> _WHAT YOU WILL DO_: Set down exactly each line of the entries below, beginning at the one that contains "this 1800×900 image." and ending at the last, and no others.

> _PROVIDED MATERIAL_:

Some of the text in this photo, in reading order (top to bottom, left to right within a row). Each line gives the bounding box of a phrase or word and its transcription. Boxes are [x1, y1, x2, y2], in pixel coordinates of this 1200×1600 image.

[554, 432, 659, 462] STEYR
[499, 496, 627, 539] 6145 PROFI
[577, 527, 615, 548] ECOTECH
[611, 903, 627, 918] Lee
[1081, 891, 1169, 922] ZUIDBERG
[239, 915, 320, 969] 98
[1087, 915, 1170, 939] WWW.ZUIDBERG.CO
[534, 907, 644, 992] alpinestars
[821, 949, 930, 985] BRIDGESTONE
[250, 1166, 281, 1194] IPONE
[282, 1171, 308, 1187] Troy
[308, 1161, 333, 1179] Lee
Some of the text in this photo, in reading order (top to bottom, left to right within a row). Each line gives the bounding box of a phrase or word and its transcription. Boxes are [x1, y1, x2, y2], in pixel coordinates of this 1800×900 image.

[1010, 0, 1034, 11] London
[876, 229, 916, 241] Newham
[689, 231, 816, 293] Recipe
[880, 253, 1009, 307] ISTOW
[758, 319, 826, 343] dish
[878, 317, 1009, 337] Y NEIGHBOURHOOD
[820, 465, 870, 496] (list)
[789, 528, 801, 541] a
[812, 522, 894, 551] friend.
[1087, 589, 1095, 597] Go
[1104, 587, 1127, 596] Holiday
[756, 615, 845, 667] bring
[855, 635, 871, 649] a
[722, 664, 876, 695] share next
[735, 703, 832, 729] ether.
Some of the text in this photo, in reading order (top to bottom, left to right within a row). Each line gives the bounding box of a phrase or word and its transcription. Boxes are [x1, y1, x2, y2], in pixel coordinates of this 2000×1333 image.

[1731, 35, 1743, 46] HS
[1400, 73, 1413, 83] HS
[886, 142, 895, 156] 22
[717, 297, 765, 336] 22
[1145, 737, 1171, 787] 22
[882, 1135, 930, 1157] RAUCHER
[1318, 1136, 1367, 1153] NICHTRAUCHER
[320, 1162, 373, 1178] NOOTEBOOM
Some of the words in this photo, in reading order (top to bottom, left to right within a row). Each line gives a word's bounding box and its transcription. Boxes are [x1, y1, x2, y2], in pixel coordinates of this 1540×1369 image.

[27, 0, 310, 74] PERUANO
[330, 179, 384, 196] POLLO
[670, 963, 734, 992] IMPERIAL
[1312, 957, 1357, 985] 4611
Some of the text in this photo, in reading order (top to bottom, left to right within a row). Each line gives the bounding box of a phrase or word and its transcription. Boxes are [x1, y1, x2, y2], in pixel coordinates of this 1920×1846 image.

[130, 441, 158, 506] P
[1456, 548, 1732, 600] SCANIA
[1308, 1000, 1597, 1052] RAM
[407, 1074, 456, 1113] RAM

> _TASK RESPONSE_:
Some of the text in this photo, in reading order (top to bottom, left to right within a row). Each line gives the bounding box of a phrase or word and its transcription. Boxes are [x1, y1, x2, y2], in pixel coordinates of this 1800×900 image.

[1010, 0, 1034, 11] London
[876, 229, 916, 241] Newham
[689, 231, 816, 293] Recipe
[880, 253, 1009, 307] ISTOW
[758, 319, 826, 343] dish
[878, 317, 1009, 337] Y NEIGHBOURHOOD
[820, 465, 870, 496] (list)
[789, 528, 801, 541] a
[812, 522, 894, 551] friend.
[1087, 589, 1095, 597] Go
[1104, 587, 1127, 596] Holiday
[756, 615, 845, 667] bring
[855, 635, 871, 649] a
[722, 664, 876, 695] share next
[735, 703, 832, 729] ether.
Some of the text in this photo, in reading order (top to bottom, left to right within a row). Each line gives the bounding box of a phrase or word and its transcription. Boxes are [x1, y1, x2, y2], in pixel coordinates of this 2000×1333 image.

[1731, 35, 1743, 46] HS
[1400, 73, 1413, 83] HS
[886, 142, 895, 156] 22
[717, 297, 765, 336] 22
[1145, 737, 1171, 787] 22
[882, 1135, 930, 1157] RAUCHER
[1318, 1136, 1367, 1153] NICHTRAUCHER
[320, 1162, 373, 1178] NOOTEBOOM
Some of the words in this photo, in reading order (top to bottom, left to right within a row). Each line gives a word's bounding box and its transcription. Boxes are [x1, y1, x2, y2], in pixel coordinates of this 1540×1369 image.

[27, 0, 310, 74] PERUANO
[330, 179, 384, 196] POLLO
[670, 963, 734, 992] IMPERIAL
[1312, 957, 1357, 985] 4611
Some of the text in this photo, in reading order (top to bottom, left to right within a row). Each line gives the bounding box of a phrase or word and its transcription. Boxes are [x1, y1, x2, y2], in pixel coordinates of this 1920×1846 image.

[130, 441, 158, 506] P
[1456, 548, 1732, 600] SCANIA
[1308, 1000, 1597, 1052] RAM
[407, 1074, 456, 1113] RAM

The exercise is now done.